A twofer. That writer points out where Britain is at:
- “Reeves’s spending plans amount to the State spending a staggering £48,000 for each of the 28million households in the land.“
- “Public spending remains out of control and will continue to grow at 2.3 per cent in real terms, a rate much faster than the private sector.”
- “The unfettered private sector in the UK is now tiny, perhaps less than a third of the entire economy. It is not a coincidence that as this highly productive free market sector has shrunk, so our economy has withered and growth stagnated. Consider when was the last time any significant manufacturer listed on the London Stock Exchange over the last 20 years? I can barely think of one.“
- WRT to that private sector he lists what is fettered, and it’s vast:
- “Energy policy entirely under state control.“
- “Transport policy is hardly free. Look at the railways.“
- “The banking sector is regulated to within an inch of its life, as is the City.“
- “Agriculture is under the regulatory and tax thumb.“
Over at the Telegraph, long time business journalist, Allister Heath (from which the cartoon of Reeves comes) is even more pessimistic and blunt, It is now too late for Britain to avoid financial Armageddon, but places the blame on an obvious but still surprising target:
We hate our politicians for lying to us – of course Reeves is plotting another tax raid, of course she doesn’t have a clue how to fund a proper military – and yet demand the impossible of them, hence why even Reform are nervous about questioning the welfare state.

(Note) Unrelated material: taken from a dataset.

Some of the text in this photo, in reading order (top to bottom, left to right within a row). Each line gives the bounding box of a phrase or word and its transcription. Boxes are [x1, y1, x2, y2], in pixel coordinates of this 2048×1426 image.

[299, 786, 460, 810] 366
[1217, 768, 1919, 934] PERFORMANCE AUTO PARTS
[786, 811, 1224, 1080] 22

We are obsessed with “our rights”, and don’t want to hear about trade-offs, or personal responsibility, or deferred gratification, or that middle class welfare must end, or that “free” healthcare kills lives, or that carrots without sticks ruin a nation. Yet those who are picking up the bill for Labour’s fiscal incontinence – the top 5 per cent, business and entrepreneurs – are cracking under the strain, downing tools and heading for the exits.
Britain’s central pathology can be explained by one statistic. In 2023 (thanks, Tories), 52.6 per cent of all individuals lived in households receiving more in benefits and services than they paid in taxes… But the truly dreadful number is that 45.3 per cent of adults of working age are net recipients.…Even the 52.6 per cent statistic for net recipients underestimates the scale of the problem. It doesn’t include public sector workers, who depend entirely on taxpayers, and those who work for state-subsidised “charities”, NGOs or other bodies entirely or largely dependent on government contracts, subsidies and handouts
It has long been observed that whenever the recipients of government welfare outnumber the providers of the government revenue a nation is doomed because the former can outvote the latter. Thus while Reeves and Labour can smugly ignore the budget cuts “she never really believed in…”
….she is pushing Britain inexorably to a fiscal crisis: the deficit is out of control, the national debt is surging and gilt yields are higher than they were under Liz Truss. We are living beyond our means.
That last phrase being an oldie from the Right-WIng. But perhaps Labour would listen if the term applied instead was one of the Greenies favourites – sustainability.
I’m not quite as pessimistic about Britain’s economy as all these the writers are – but only for the very ironic reason that the inevitable destruction will provide a way out.